Items listed in a dataset
━━━━━━━━

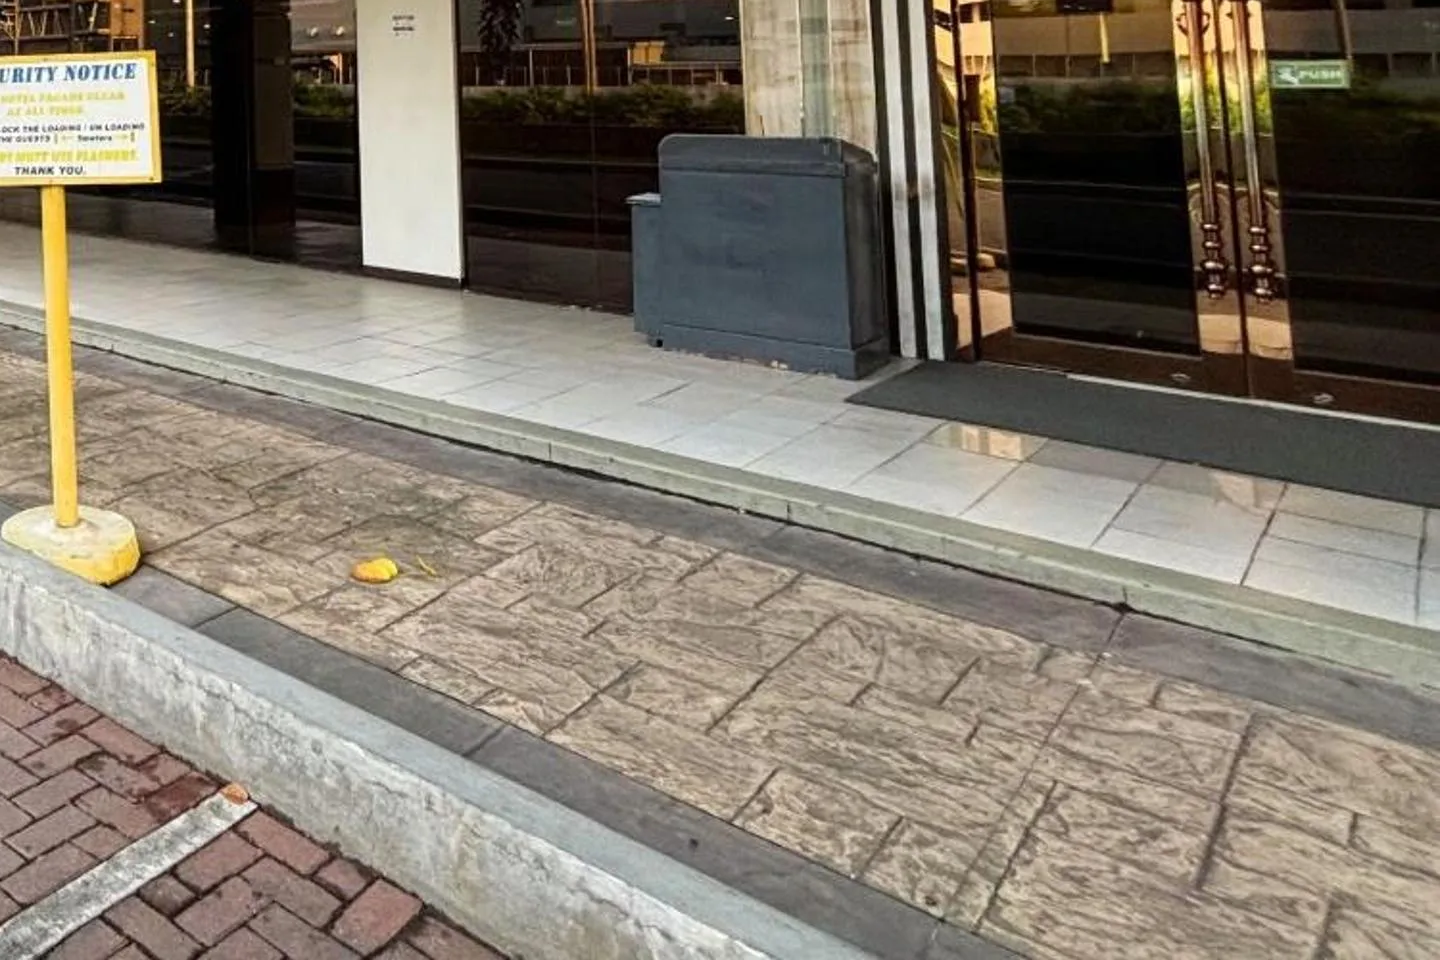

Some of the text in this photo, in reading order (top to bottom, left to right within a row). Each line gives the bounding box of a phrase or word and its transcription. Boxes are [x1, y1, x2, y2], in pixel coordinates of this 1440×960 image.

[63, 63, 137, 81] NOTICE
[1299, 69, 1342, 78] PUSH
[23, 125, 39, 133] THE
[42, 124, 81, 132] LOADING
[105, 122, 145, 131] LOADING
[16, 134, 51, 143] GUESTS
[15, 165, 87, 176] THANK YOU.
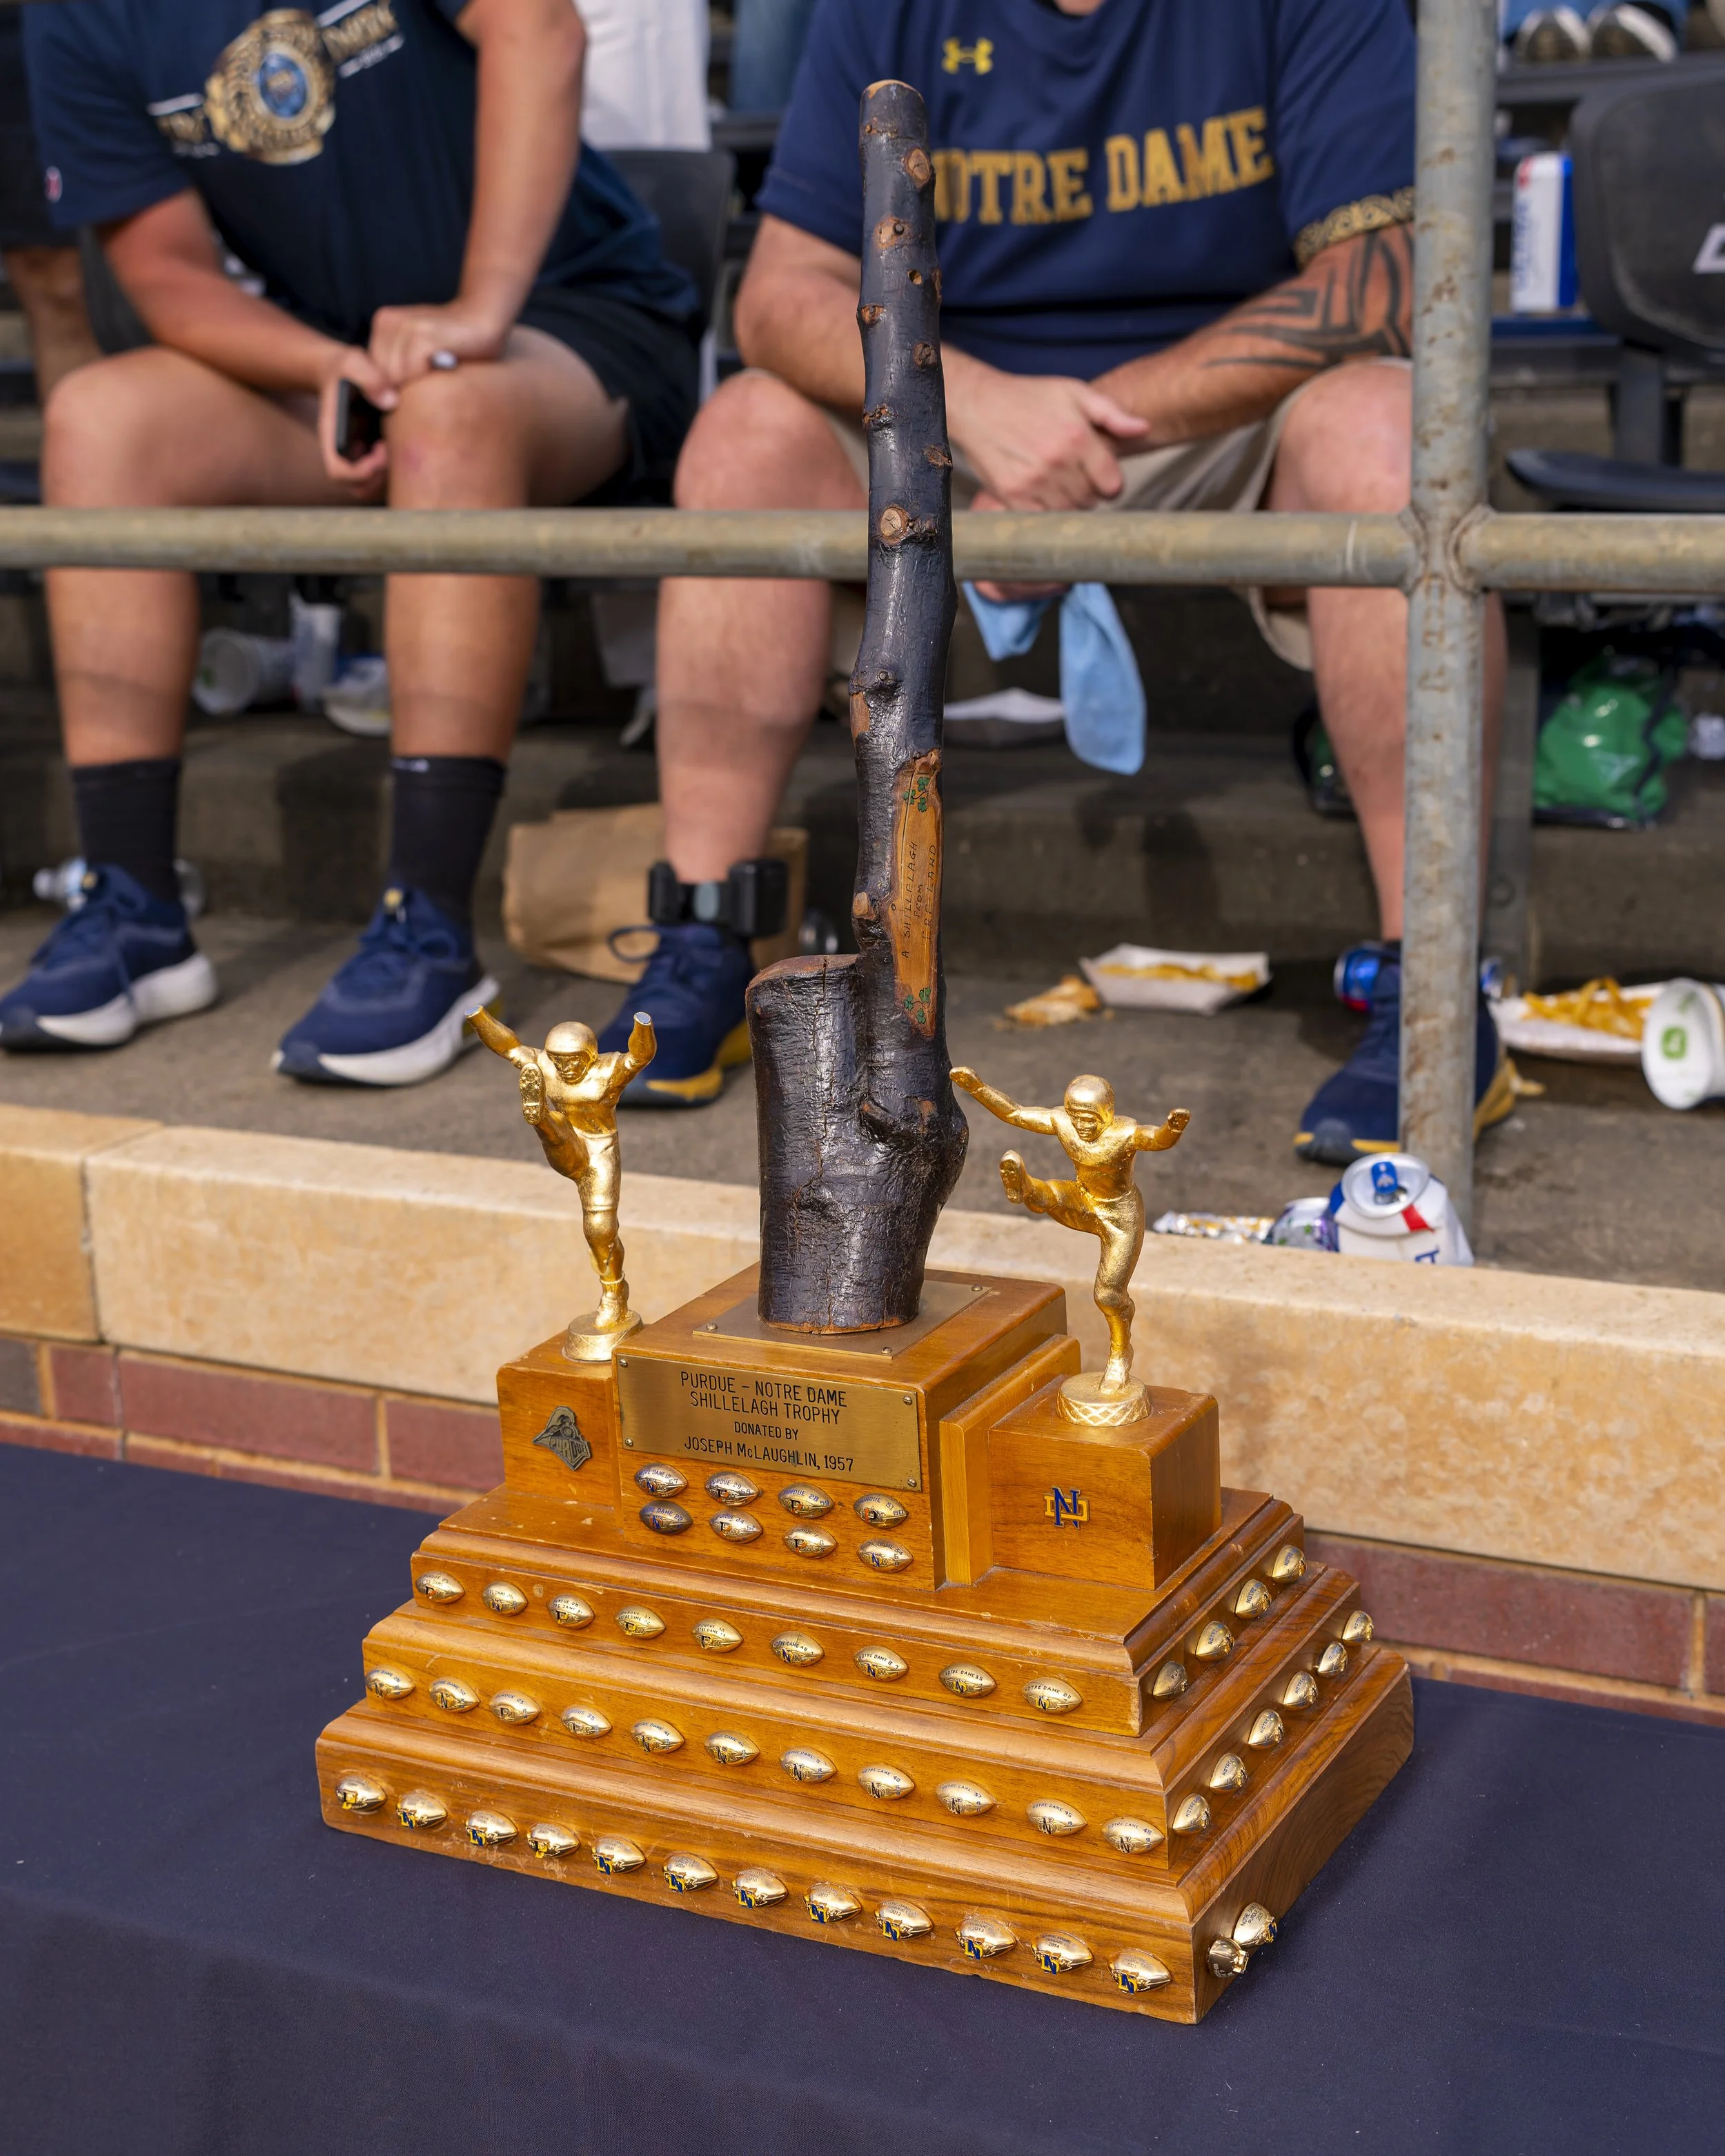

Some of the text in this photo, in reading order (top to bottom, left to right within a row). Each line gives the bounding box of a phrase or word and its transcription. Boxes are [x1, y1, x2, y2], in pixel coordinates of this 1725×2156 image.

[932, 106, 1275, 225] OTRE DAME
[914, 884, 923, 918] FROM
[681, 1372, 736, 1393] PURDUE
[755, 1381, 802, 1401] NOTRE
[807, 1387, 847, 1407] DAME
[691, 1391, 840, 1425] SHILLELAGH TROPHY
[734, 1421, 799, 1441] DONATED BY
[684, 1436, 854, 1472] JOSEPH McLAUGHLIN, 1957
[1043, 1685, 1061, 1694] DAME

━━━━━━━━

Beginning with the line that holds "this 1725×2156 image.", please give again each line exactly until the records end, and include that final line.

Some of the text in this photo, in reading order (top to bottom, left to right within a row). Each line gives the bounding box of a phrase or word and its transcription. Boxes are [x1, y1, x2, y2], in pixel coordinates of this 1725×2156 image.

[932, 106, 1275, 225] OTRE DAME
[914, 884, 923, 918] FROM
[681, 1372, 736, 1393] PURDUE
[755, 1381, 802, 1401] NOTRE
[807, 1387, 847, 1407] DAME
[691, 1391, 840, 1425] SHILLELAGH TROPHY
[734, 1421, 799, 1441] DONATED BY
[684, 1436, 854, 1472] JOSEPH McLAUGHLIN, 1957
[1043, 1685, 1061, 1694] DAME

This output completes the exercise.